PostgreSql 索引

屠建本

2023-12-01

一、概述

索引主要被用来提升数据库性能，不当的使用会导致性能变差。 PostgreSQL 提供了多种索引类型： B-tree、Hash、GiST、SP-GiST 、GIN 和 BRIN。每一种索引类型使用了一种不同的算法来适应不同类型的查询。默认情况下，CREATE INDEX 命令创建适合于大部分情况的 B-tree 索引。
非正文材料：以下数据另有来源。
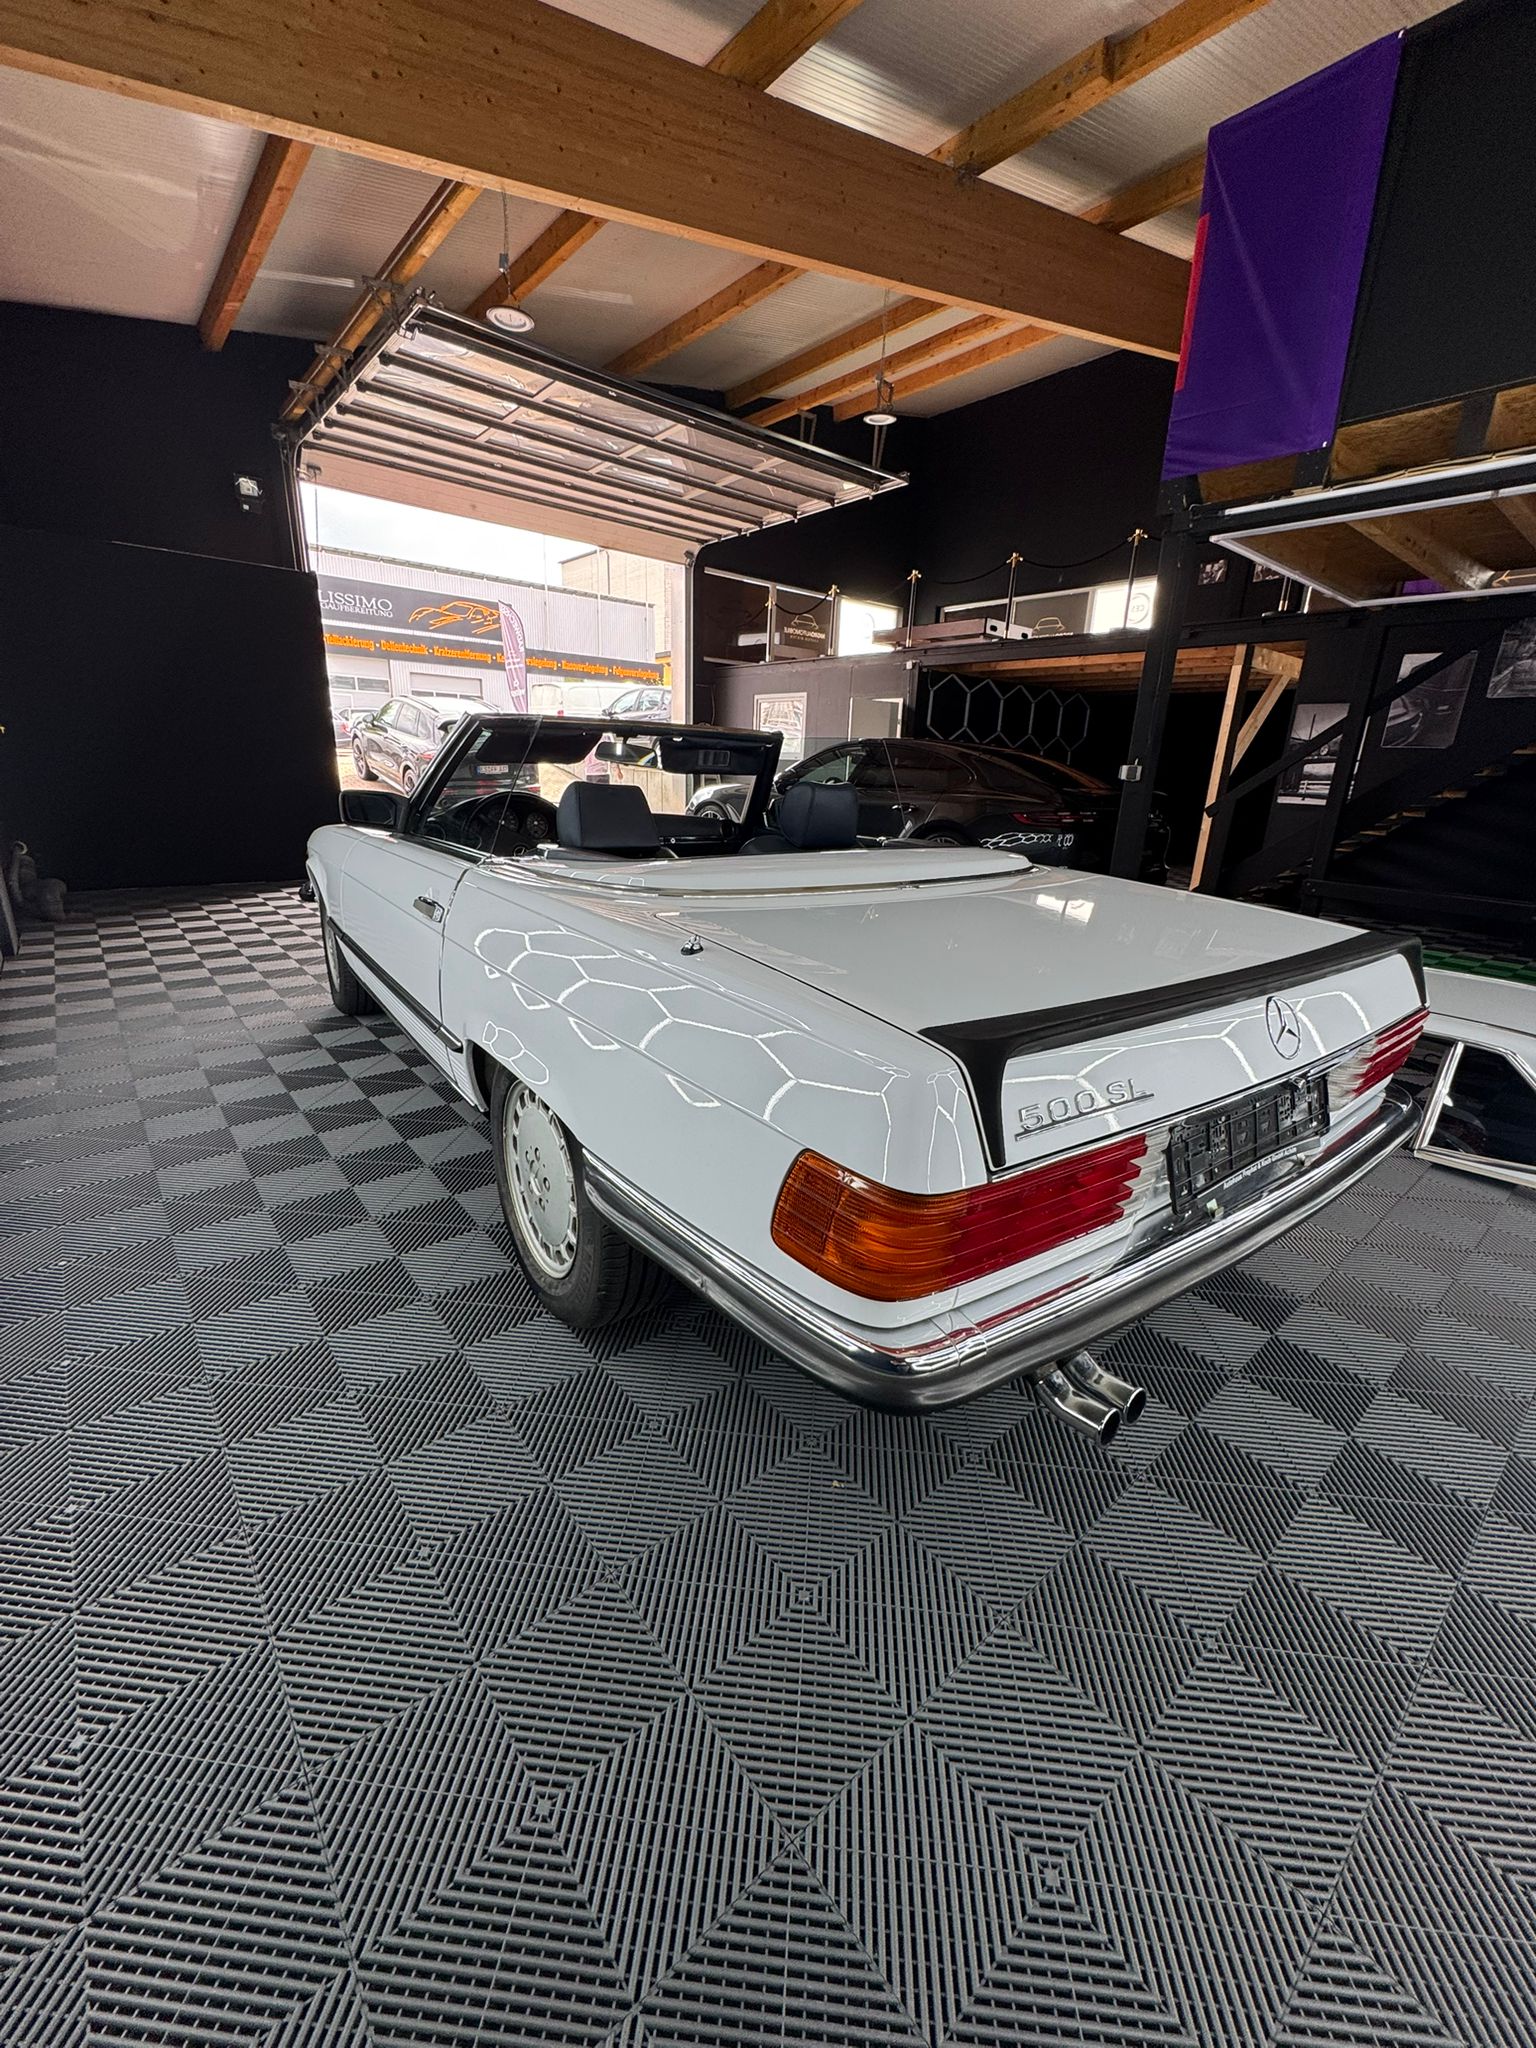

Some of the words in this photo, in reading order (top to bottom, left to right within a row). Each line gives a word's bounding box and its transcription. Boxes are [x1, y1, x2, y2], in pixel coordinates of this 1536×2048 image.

[318, 589, 392, 611] LISSIMO
[1018, 1089, 1098, 1131] 500
[1106, 1078, 1148, 1105] SL
[1223, 1174, 1243, 1190] Autohaus
B-树（默认）：B-树是一个自平衡树（self-balancing tree），按照顺序存储数据，支持对数时间复杂度（O(logN)）的搜索、插入、删除和顺序访问。
哈希：哈希索引（Hash index）只能用于简单的等值查找（=），也就是说索引字段被用于等号条件判断。因为对数据进行哈希运算之后不再保留原来的大小关系。
GiST：GiST 代表通用搜索树（Generalized Search Tree）， GiST 索引单个索引类型，而是一种支持不同索引策略的框架。 GiST 索引常见的用途包括几何数据的索引和全文搜索。
SP-GiST：SP-GiST 代表空间分区 GiST，主要用于 GIS、多媒体、电话路由以及 IP 路由等数据的索引。与 GiST 类似， SP-GiST 也支持“最近邻”搜索。
GIN：GIN 代表广义倒排索引（generalized inverted indexes），主要用于单个字段中包含多个值的数据，例如 hstore、 array、 jsonb 以及 range 数据类型。一个倒排索引为每个元素值都创建一个单独的索引项，可以有效地查询某个特定元素值是否存在。 Google、百度这种搜索引擎利用的就是倒排索引。
BRIN：BRIN 代表块区间索引（block range indexes），存储了连续物理范围区间内的数据摘要信息。BRIN 也相比 B-树索引要小很多，维护也更容易。对于不进行水平分区就无法使用 B-树索引的超大型表，可以考虑 BRIN。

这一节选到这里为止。